Cita anche la definizione di casa secondo gli zulu, che ho trovato davvero potente, “il luogo dove riposano gli antenati”. In che modo questa idea ha modellato la sua comprensione dell’esilio? E come si riflette nelle storie di Dinizulu o, per esempio, della comunità coreana di Sakhalin?
WA Sì, penso che sia la definizione più bella che abbia mai incontrato di “casa degli antenati”: il luogo dove riposano i resti dei tuoi antenati. Dei tre personaggi del libro, Dinizulu è quello più devastato dall’esilio. O forse non è tanto l’esilio in sé a devastarlo, quanto il ritorno dall’esilio. Come tutti e tre, torna in una patria che non esiste più. Nel suo caso, il regno è stato deliberatamente smembrato, il suo popolo disperso. È sparito. E ne soffre profondamente, perché non può veramente tornare a casa. Questo, in sostanza, lo uccide. Le cronache del tempo dicono che è morto di crepacuore -e non ho mai letto una descrizione più esatta della morte di qualcuno-. È stato consumato dal dolore. Ma alla fine è stato sepolto con i suoi antenati, dove riposava suo padre. Quindi, in un certo senso, è tornato a casa, ma solo nel modo in cui tutti noi torniamo a casa: attraverso la morte.
Un’ultima domanda sulla natura. Nel libro, gli animali sembrano avere un ruolo simbolico ricorrente.
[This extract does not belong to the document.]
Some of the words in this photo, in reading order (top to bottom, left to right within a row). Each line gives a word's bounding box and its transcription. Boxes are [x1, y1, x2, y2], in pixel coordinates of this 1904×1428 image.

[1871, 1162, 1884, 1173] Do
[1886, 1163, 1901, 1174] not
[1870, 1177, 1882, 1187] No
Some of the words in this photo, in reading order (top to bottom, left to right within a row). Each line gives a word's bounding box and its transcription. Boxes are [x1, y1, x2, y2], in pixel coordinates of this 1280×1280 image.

Vediamo le oche e gli albatros con Louise Michel, gli uccelli “barbuti”, le falene di Sant’Elena. Che ruolo hanno per lei questi incontri? Riflettono non solo il paesaggio fisico ma anche quello emotivo dell’esilio?
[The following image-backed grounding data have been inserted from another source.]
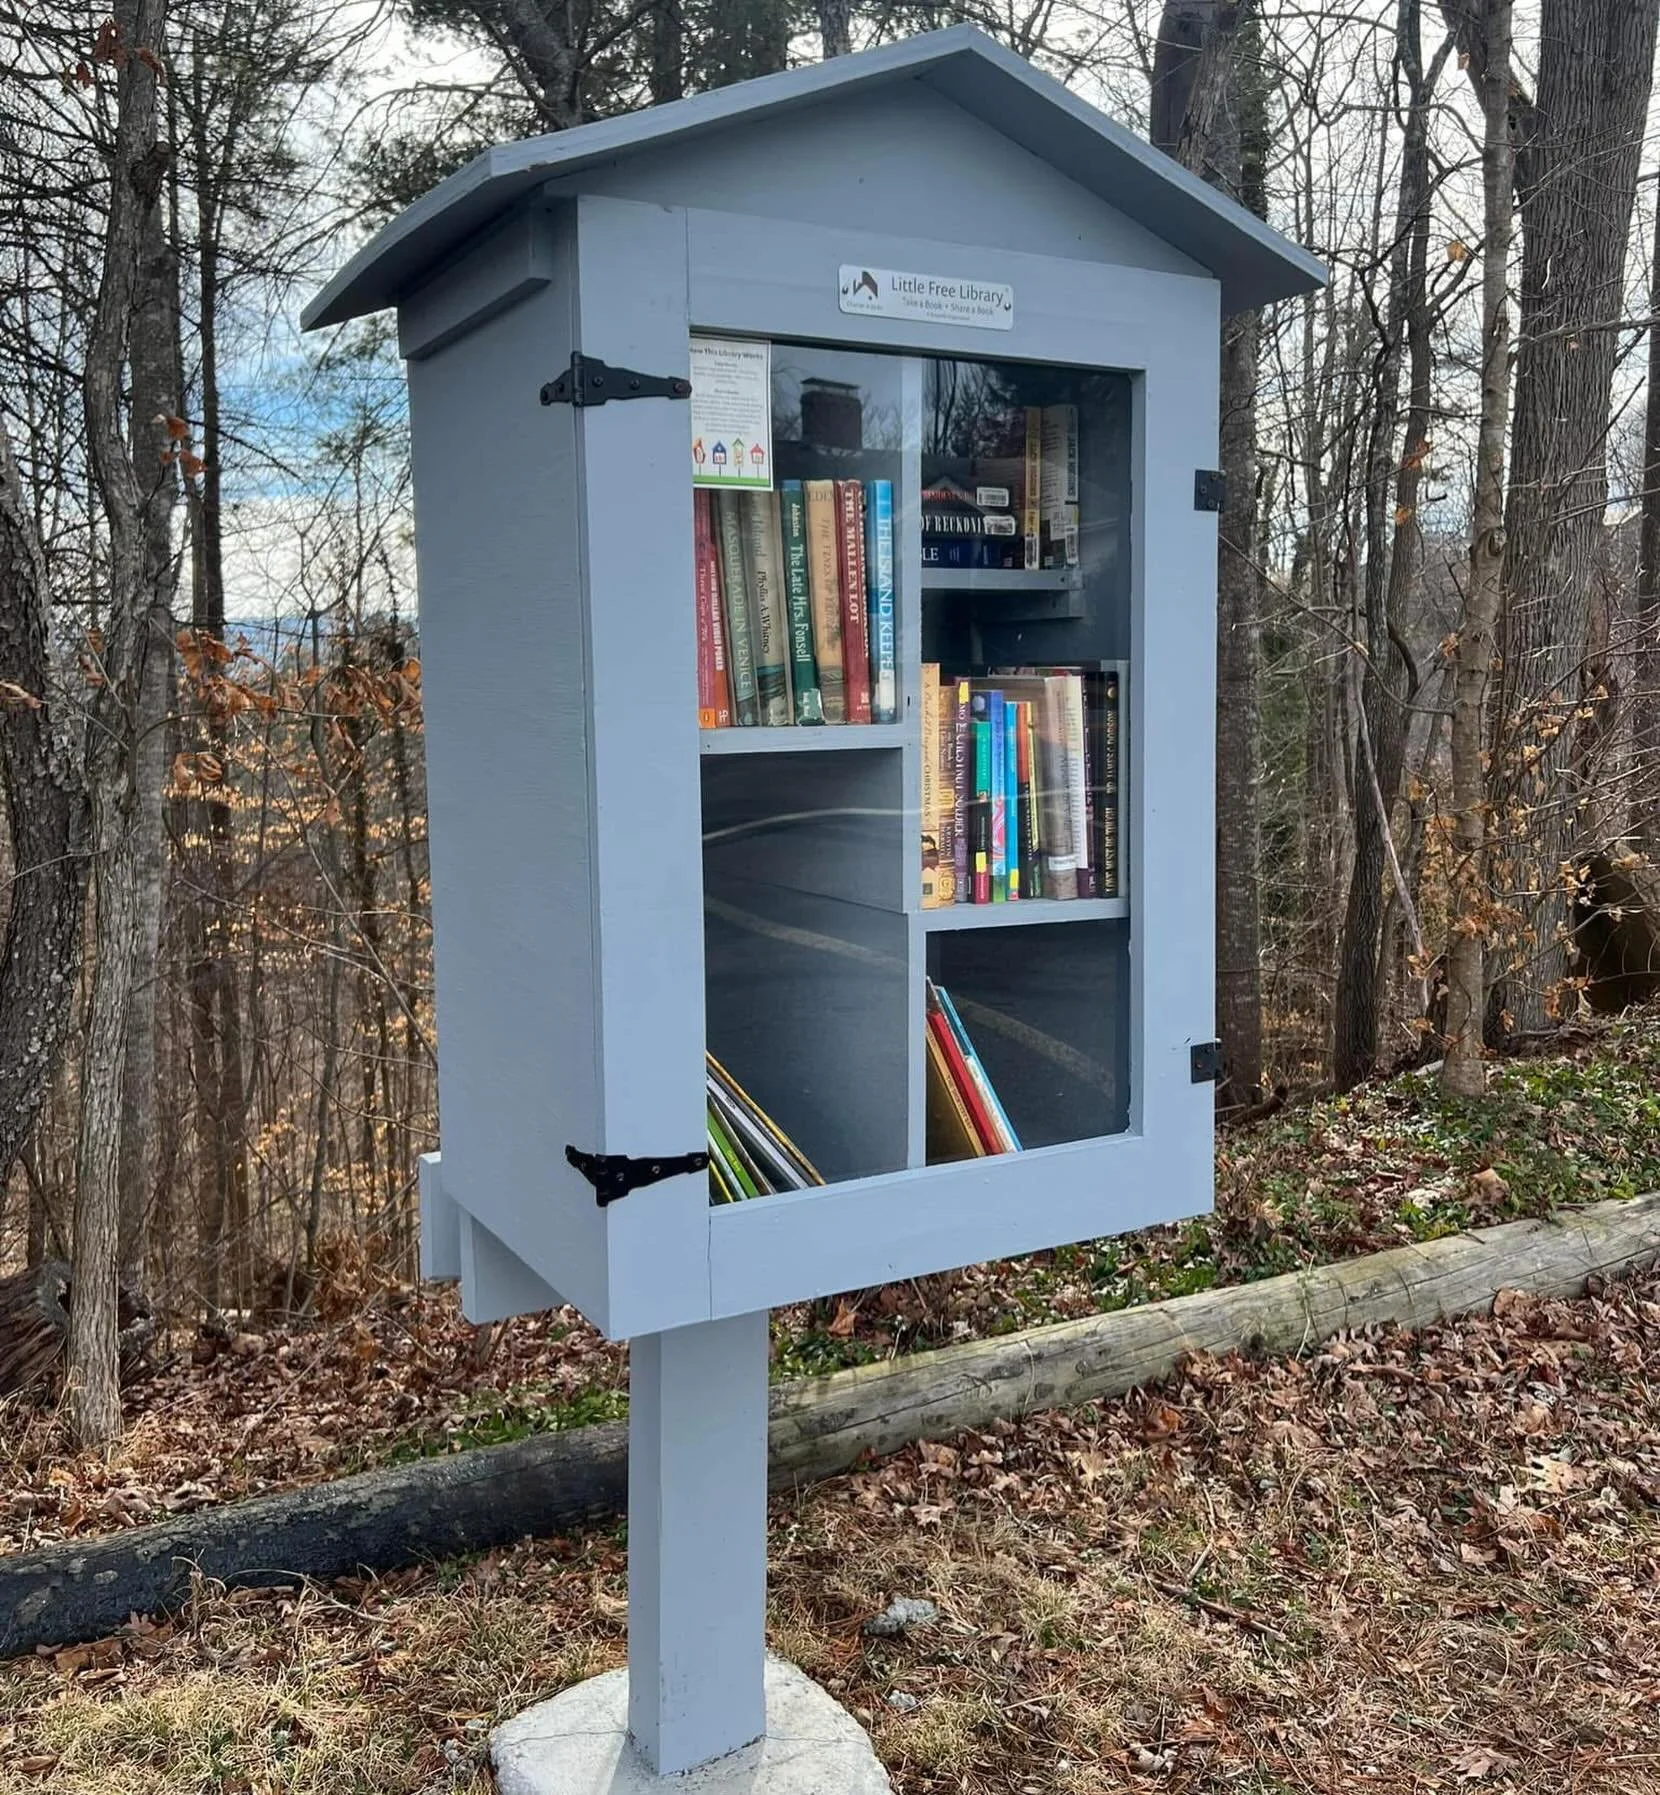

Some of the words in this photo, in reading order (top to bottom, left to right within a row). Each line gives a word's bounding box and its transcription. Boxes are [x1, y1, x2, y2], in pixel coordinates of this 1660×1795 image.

[891, 276, 926, 294] Little
[928, 281, 957, 298] Free
[959, 284, 1004, 308] Library
[925, 299, 942, 310] Book
[950, 302, 971, 313] Share
[704, 347, 718, 356] This
[719, 350, 741, 360] Library
[791, 502, 801, 538] Johnston
[844, 489, 855, 524] THE
[877, 518, 892, 557] THE
[934, 515, 982, 533] RECKONI
[725, 511, 746, 614] MASQUERADE
[790, 543, 804, 567] The
[846, 525, 859, 590] MALLEN
[756, 570, 769, 604] Phyllis
[791, 568, 805, 594] Late
[877, 557, 893, 616] ISLAND
[711, 593, 721, 621] DOLLAR
[792, 596, 808, 622] Mrs.
[848, 594, 860, 625] LOT
[713, 622, 722, 645] VIDEO
[735, 616, 746, 634] IN
[794, 623, 812, 662] Fonsell
[737, 638, 753, 690] VENICE
WA Credo che rivelino un altro tipo di separazione: l’idea che gli animali siano esiliati da noi, ma anche che noi, forse fin dai tempi biblici, siamo esiliati dalla natura stessa. C’è una nostalgia per una comunità a cui non possiamo più accedere pienamente. Louise Michel, per esempio, fin da bambina era animata da un profondo amore per gli animali. Racconta degli uccelli durante il viaggio, albatros a cui veniva tagliata la gola e lasciati morire appesi. La sua compassione era universale. Non sopportava la crudeltà, che fosse verso le persone o verso gli animali, nemmeno verso i nemici. E poi c’è la falena a Sant’Elena. L’ho scoperta con il mio amico Tim. Non era mai stata vista o registrata prima. Leggo spesso quel passaggio durante le presentazioni. Per molto tempo non sapevo perché quella falena dovesse stare nel libro, ma sapevo che doveva starci. Alla fine, credo che abbia una funzione allegorica: parla di libertà, fuga, trasformazione, volare nel cielo notturno. Quindi sì, il mondo non umano deve far parte della narrazione, soprattutto oggi, in questo momento di crisi ecologica.